■ WHAT TO WORK ON ■
Produce an exact copy of all the data below, dropping every image.

Source records:

■ ■ ■ ■

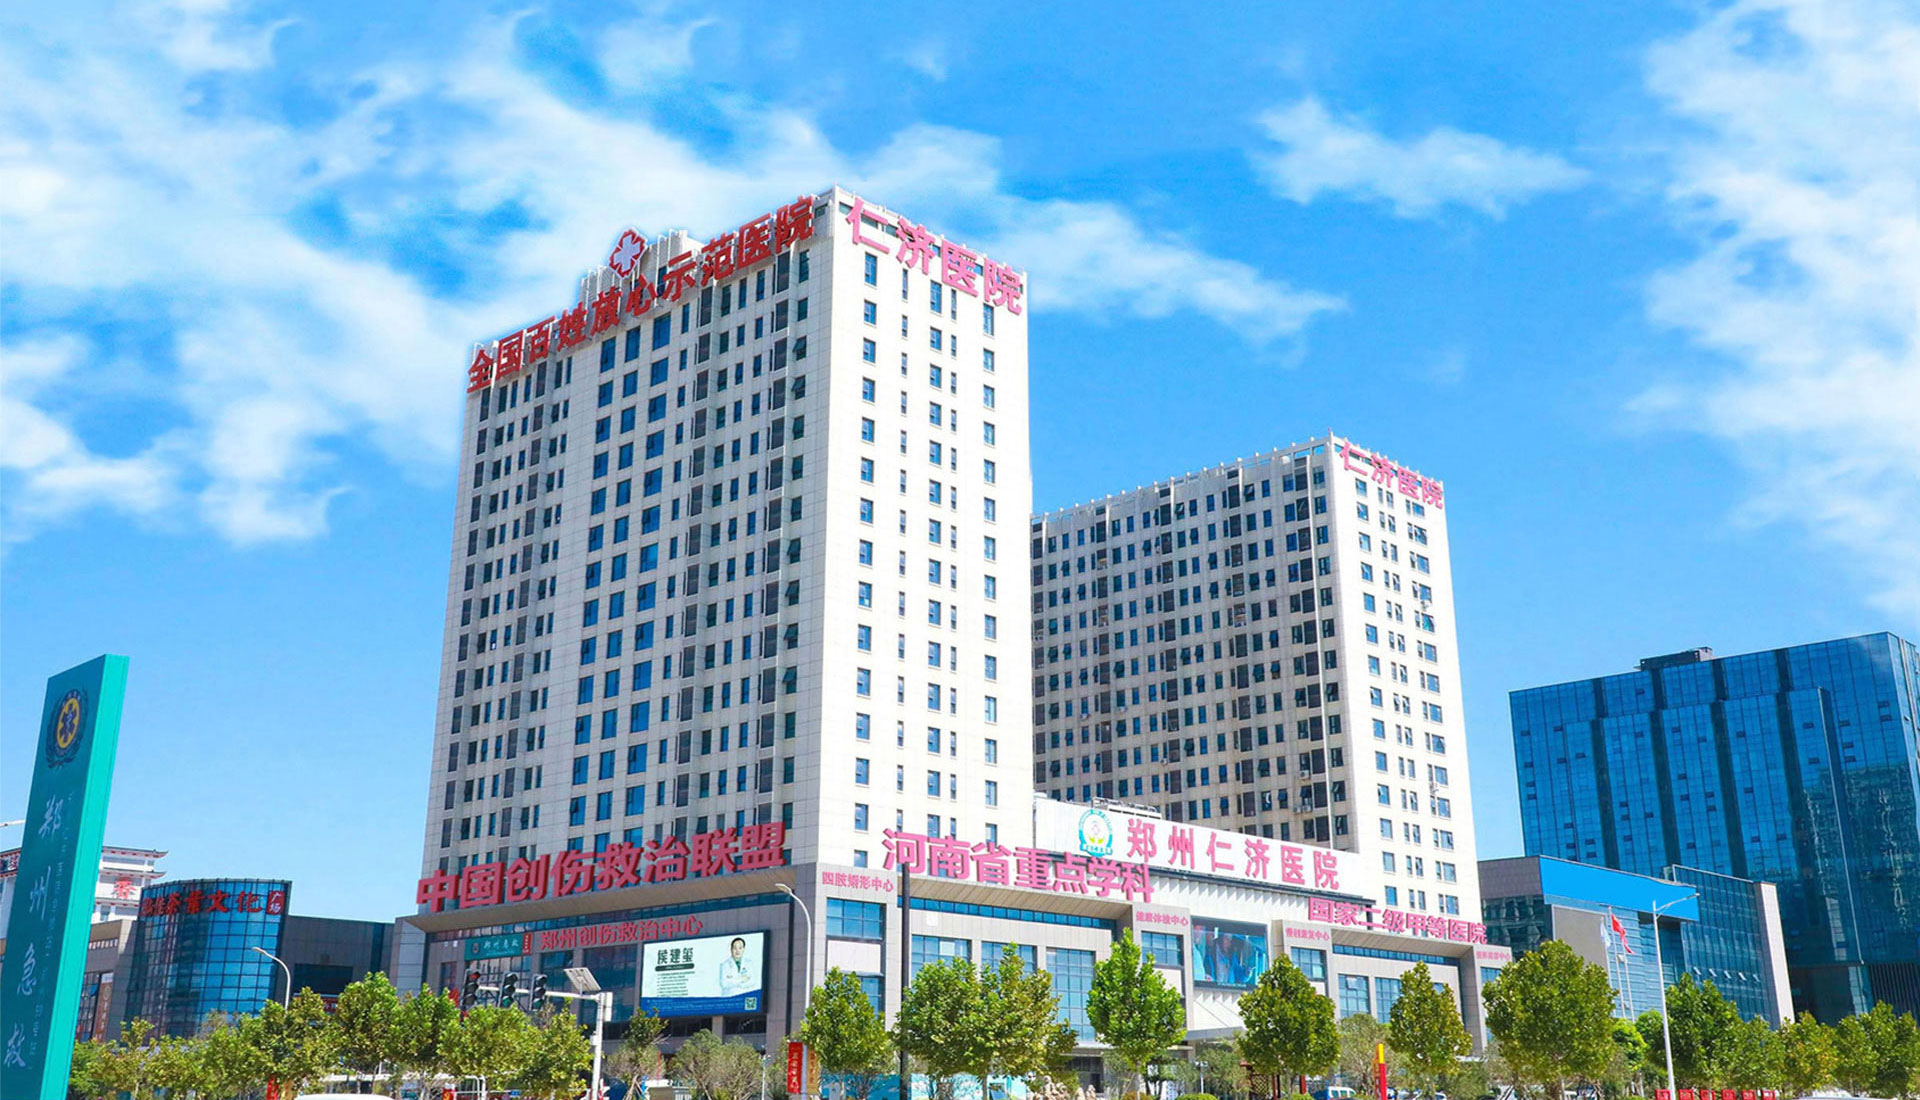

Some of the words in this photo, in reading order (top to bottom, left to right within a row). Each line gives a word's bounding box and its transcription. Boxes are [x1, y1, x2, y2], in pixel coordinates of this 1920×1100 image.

[846, 197, 1022, 315] 仁济医院
[467, 194, 815, 392] 全国百姓放心示范医院
[1340, 441, 1443, 510] 仁济医院
[416, 821, 787, 912] 中国创伤救治联盟
[882, 828, 1154, 903] 河南省重点学科
[1127, 818, 1339, 890] 郑州仁济医院
[540, 915, 703, 950] 郑州创伤救治中心
[1308, 896, 1487, 945] 国家二级甲等医院

■ ■ ■ ■

■ EXPECTED OUTPUT ■
Some of the words in this photo, in reading order (top to bottom, left to right within a row). Each line gives a word's bounding box and its transcription. Boxes are [x1, y1, x2, y2], in pixel coordinates of this 1920×1100 image.

[846, 197, 1022, 315] 仁济医院
[467, 194, 815, 392] 全国百姓放心示范医院
[1340, 441, 1443, 510] 仁济医院
[416, 821, 787, 912] 中国创伤救治联盟
[882, 828, 1154, 903] 河南省重点学科
[1127, 818, 1339, 890] 郑州仁济医院
[540, 915, 703, 950] 郑州创伤救治中心
[1308, 896, 1487, 945] 国家二级甲等医院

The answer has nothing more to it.